Urology Unit, IRCCS INRCA, Ancona, Italy.
Urology Unit, Azienda Ospedaliero-Universitaria Delle Marche, Università Politecnica Delle Marche, Ancona, Italy.
World J Urol. 2023 Nov;41(11):2915-2923. doi: 10.1007/s00345-023-04524-7. Epub 2023 Jul 29.
To compare Holmium laser with MOSES technology (MoLEP) and Thulium fiber laser enucleation of the prostate (ThuFLEP) in terms of surgical and functional outcomes.
We performed a retrospective analysis of all patients who underwent either procedure in five centers (January 2020-January 2022).
previous urethral/prostatic surgery, radiotherapy, concomitant surgery. Propensity score matching (PSM) analysis was performed to adjust for the bias inherent to the different characteristics at baseline. Differences between procedures were estimated using Firth Penalized Likelihood regression for International prostate symptom score (IPSS), quality of life (QL), maximum flow rate (Qmax).

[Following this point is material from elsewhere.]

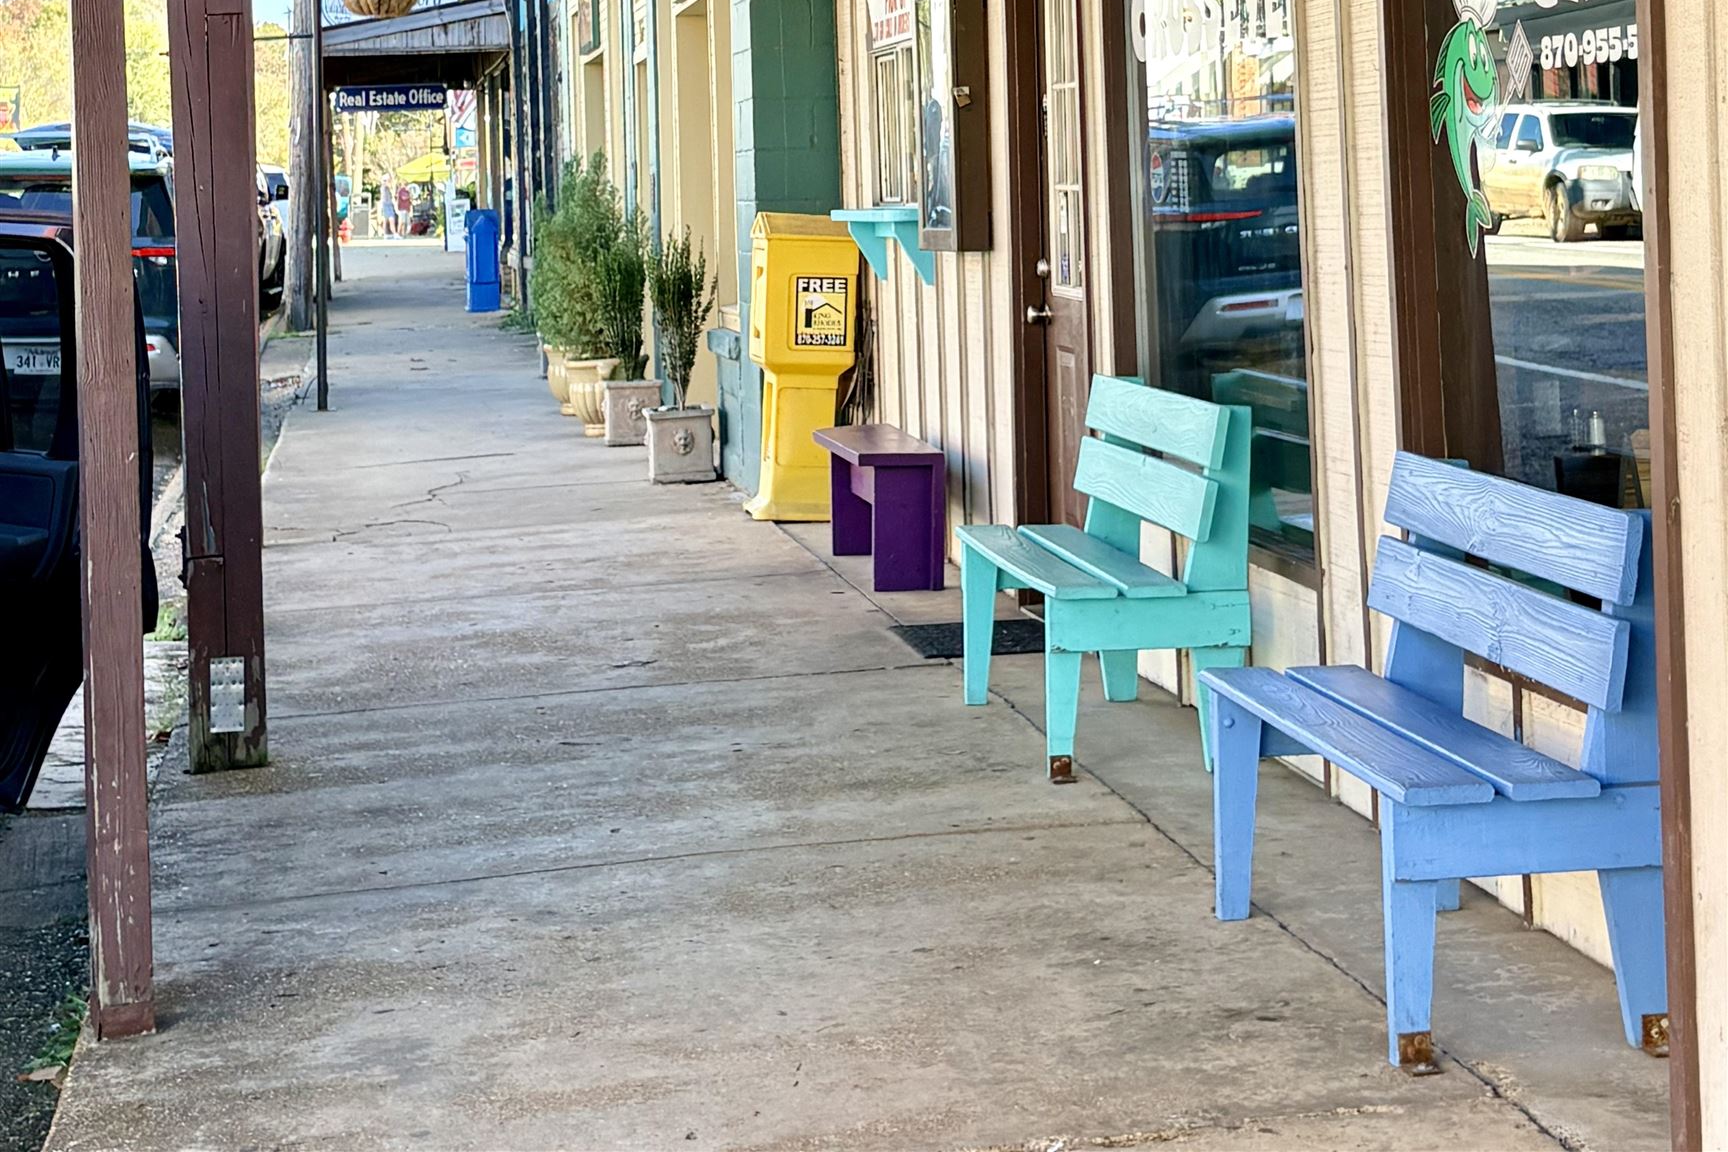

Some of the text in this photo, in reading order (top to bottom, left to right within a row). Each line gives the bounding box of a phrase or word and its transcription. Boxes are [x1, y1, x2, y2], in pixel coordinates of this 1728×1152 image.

[340, 89, 443, 107] Real Estate Office
[797, 278, 847, 293] FREE

PSM retrieved 118 patients in each group. Baseline characteristics were similar except for PSA and number of men on indwelling catheter (higher in MoLEP group). Median surgical time was significantly longer in the MoLEP group despite the enucleation and morcellation times being similar. Median catheter dwelling time and postoperative length of stay were similar. Most of the early complications were Clavien ≤ 2 grade. There were only two Clavien grade 3 complications (one for each group), one grade 4 in MoLEP group. Rate and type of early and persistent incontinence (> 3 months) were similar. At 12-month, proportion of patients reaching a decrease (Δ) of IPSS ≥ 18 from baseline was significantly larger in MoLEP group, with no significant difference in ΔQmax > 12 ml/sec and ΔQL ≥ -3.

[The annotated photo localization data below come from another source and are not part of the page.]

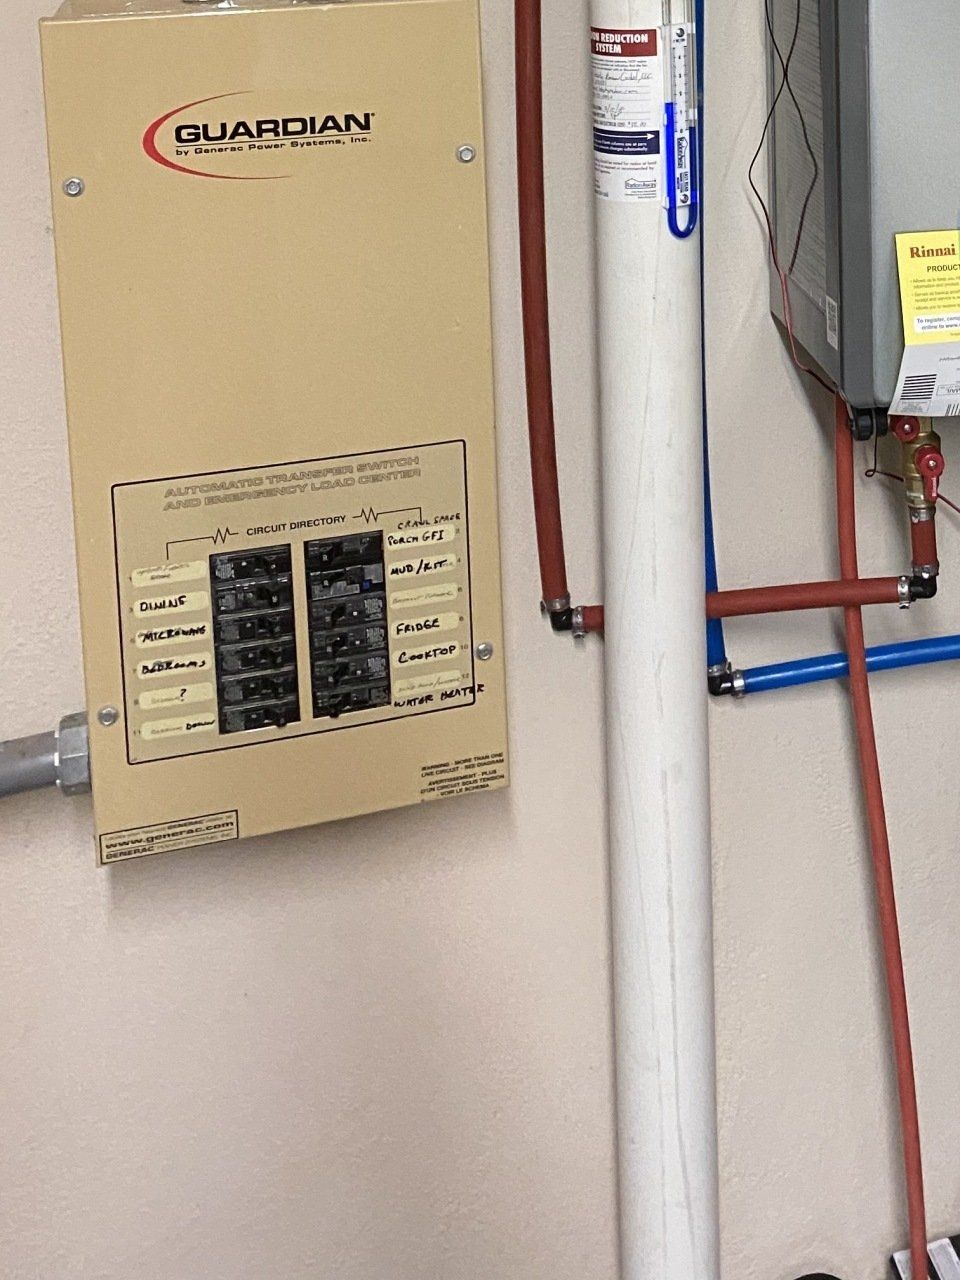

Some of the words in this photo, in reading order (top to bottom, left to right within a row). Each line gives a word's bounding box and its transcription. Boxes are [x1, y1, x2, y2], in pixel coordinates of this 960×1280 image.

[601, 33, 649, 43] REDUCTION
[595, 42, 622, 54] SYSTEM
[174, 112, 372, 144] GUARDIAN
[175, 148, 189, 156] by
[194, 145, 243, 154] Generac
[248, 142, 286, 151] Power
[290, 138, 346, 148] Systems,
[909, 243, 956, 259] Rinnai
[163, 476, 264, 498] AUTOMATIC
[265, 464, 354, 484] TRANSFER
[356, 456, 420, 472] SWITCH
[162, 497, 202, 512] AND
[204, 483, 308, 506] EMERGENCY
[310, 476, 355, 491] LOAD
[357, 468, 421, 485] CENTER
[246, 523, 287, 536] CIRCUIT
[289, 515, 346, 530] DIRECTORY
[387, 535, 419, 547] PORCH
[422, 529, 445, 542] GFI
[396, 618, 440, 636] FRIDGE
[398, 645, 456, 663] COOKTOP
[394, 694, 434, 707] WATER
[440, 684, 485, 701] HEATER
[435, 767, 459, 775] CIRCUIT
[476, 758, 505, 767] DIAGRAM
[437, 783, 460, 791] CIRCUIT
[479, 774, 504, 783] TENSION
[105, 821, 234, 849] www.generac.com
[106, 845, 155, 860] GENERAC

MoLEP and ThuFLEP were safe and efficacious procedures with similar short-term operative and functional outcomes. At 1-year, MoLEP patients had a sustained reduction of IPPS score.
比较钬激光与 MOSES 技术(MoLEP)和铥光纤激光前列腺剜除术(ThuFLEP)在手术和功能结果方面的差异。
我们对五家中心(2020 年 1 月至 2022 年 1 月)接受这两种手术的所有患者进行了回顾性分析。
尿道/前列腺手术史、放疗史、同期手术史。采用倾向评分匹配(PSM)分析来调整基线时固有差异的偏倚。采用 Firth Penalized Likelihood 回归估计手术间的差异,以评估国际前列腺症状评分(IPSS)、生活质量(QL)、最大尿流率(Qmax)的差异。
PSM 为每组匹配 118 例患者。除 PSA 和留置导尿管的男性人数(MoLEP 组较高)外,基线特征相似。尽管剜除和切碎时间相似,但 MoLEP 组的中位手术时间明显较长。中位导管留置时间和术后住院时间相似。大多数早期并发症为 Clavien≤2 级。两组均只有 2 例 Clavien 3 级并发症(每组 1 例),MoLEP 组 1 例 4 级并发症。早期和持续性尿失禁(>3 个月)的发生率和类型相似。在 12 个月时,MoLEP 组患者达到国际前列腺症状评分(IPSS)基线下降(Δ)≥18 的比例明显更高,最大尿流率(Qmax)增加(Δ)>12ml/sec 和生活质量(QL)改善(Δ)≥-3 的比例无显著差异。
MoLEP 和 ThuFLEP 是安全有效的手术,短期手术和功能结果相似。在 1 年时,MoLEP 患者的 IPSS 评分持续下降。